Problem to extract subset of fibers with tckedit

wamigy · February 28, 2017, 10:15am

Hello all,

I was playing around with tckedit to reduce the size of the tck files and I noticed a strange behaviour, probably something I’m not sure to understand.

I generated a 2M fibers tck with the usual command for HCP (without ACT):
tckgen WM_FODs.mif tracs_2000000.tck -seed_dynamic WM_FODs.mif -maxlength 250 -number 2000000 -cutoff 0.06

Then, obtained two 1M packets:
tckedit tracs_2000000.tck tracs_part1.tck -number 1000000
tckedit tracs_2000000.tck tracs_part2.tck -number 1000000 -skip 1000000

Is it correct to assume that tracs_part1.tck will contain the first 1M fibers and tracs_part2.tck the next 1M fibers ? I supposed that this is what these files contained, so I checked it with matlab:
> t1 = read_mrtrix_tracks(‘tracs_part1.tck’);

t2 = read_mrtrix_tracks('tracs_part2.tck');
tall = read_mrtrix_tracks('tracs_2000000.tck');
n_fib_all = length(tall.data);
n1 = length(t1.data);
n2 = length(t2.data);
diff_all = zeros(n_fib_all, 3);
for ii = 1 : length(tall.data)
    if ii <= n1
        diff_all( ii,: ) = max(abs(t1.data{ii} - tall.data{ii}));
    else
        diff_all( ii,: ) = max(abs(t2.data{ii-n1} - tall.data{ii}));
    end
end

I therefore expected diff_all to be nearly zeros, allowing rounding errors. However, this piece of matlab code produced an error before its termination complaining that, at ii = 322689, t1.data{ii} did not have the same number of elements than tall.data{ii}.

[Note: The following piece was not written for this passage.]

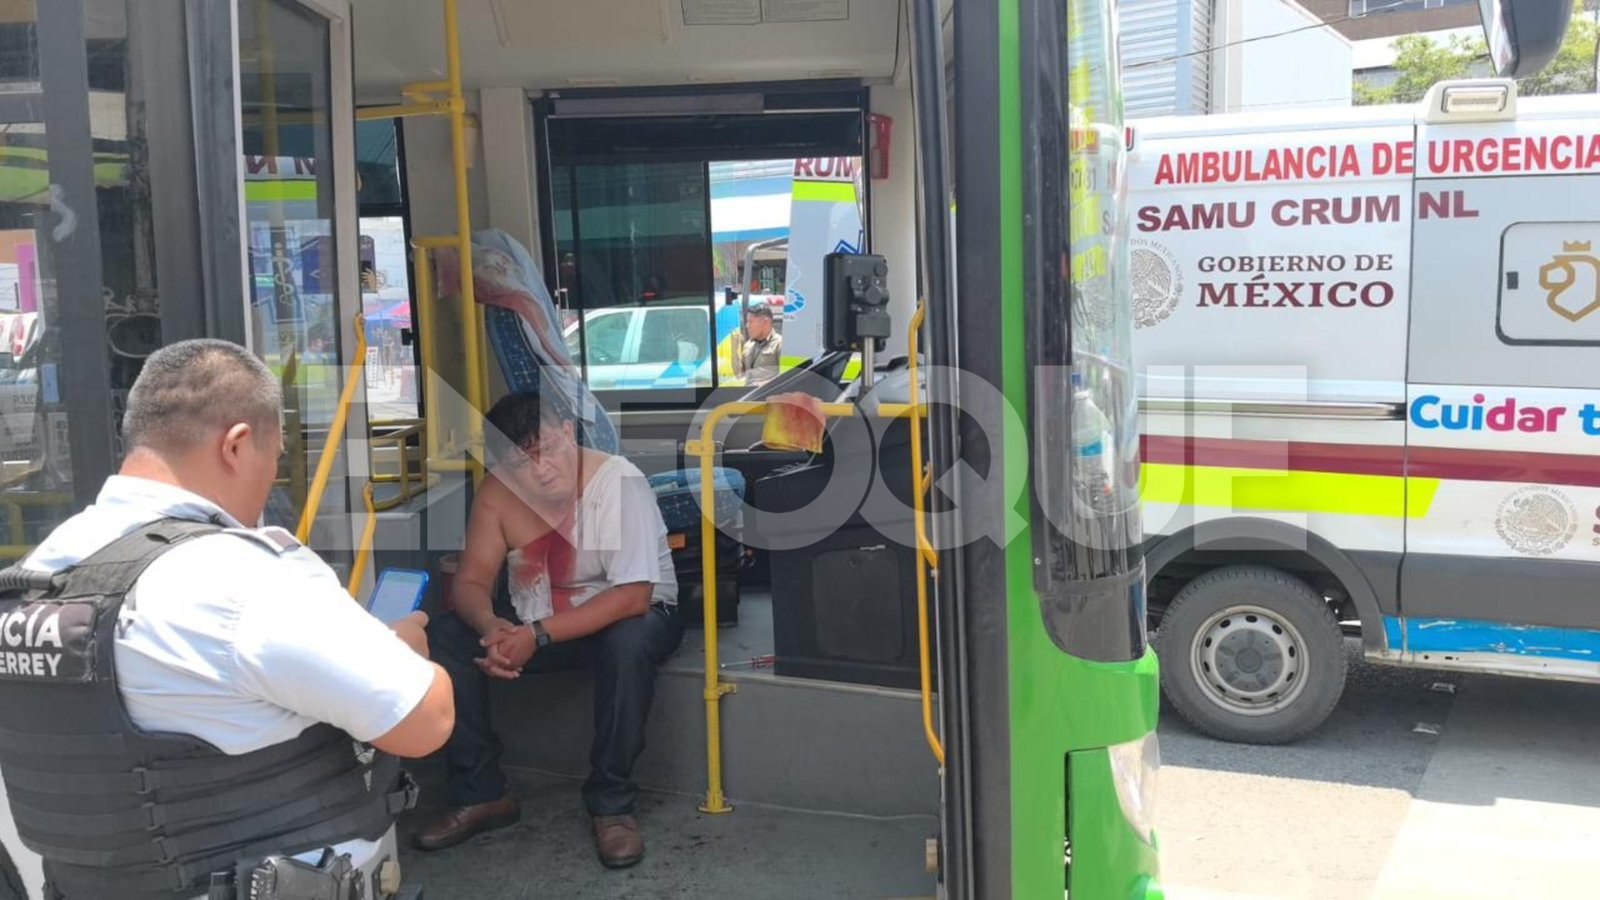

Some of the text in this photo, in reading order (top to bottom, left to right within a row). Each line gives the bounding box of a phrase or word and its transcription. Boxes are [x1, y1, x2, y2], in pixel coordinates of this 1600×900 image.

I then checked of many times this inconsistency happened and there are 1148 occurrences for the 1st packet.

Is there something I do wrong ?

Thank you !

jdtournier · February 28, 2017, 10:39am

I have a feeling this might be because tckedit is multi-threaded, so won’t guarantee ordering is preserved. Can you run all this again with the -nthread 0 option to tckedit to disable multi-threading, see if that resolves the issue?

Assuming that was the problem, this might be something that we’d need to do something about. At the very least, document the fact that ordering is only guaranteed with multi-threading disabled. The reason we typically don’t worry about ordering is that in most cases, tracking is random, so there is no particular order anyway. But this issue might also suggest that invoking two separate calls to tckedit like this might not split the file perfectly, in that the streamlines near the split may end up in either batch, depending on which thread happens to get there first. I’m not sure whether this does happen, but it’s certainly something to verify. This would also be relevant for this recent discussion.

wamigy · February 28, 2017, 10:51am

Thank you for your quick answer.

I can confirm that using -nthread 0 fixed the problem, great!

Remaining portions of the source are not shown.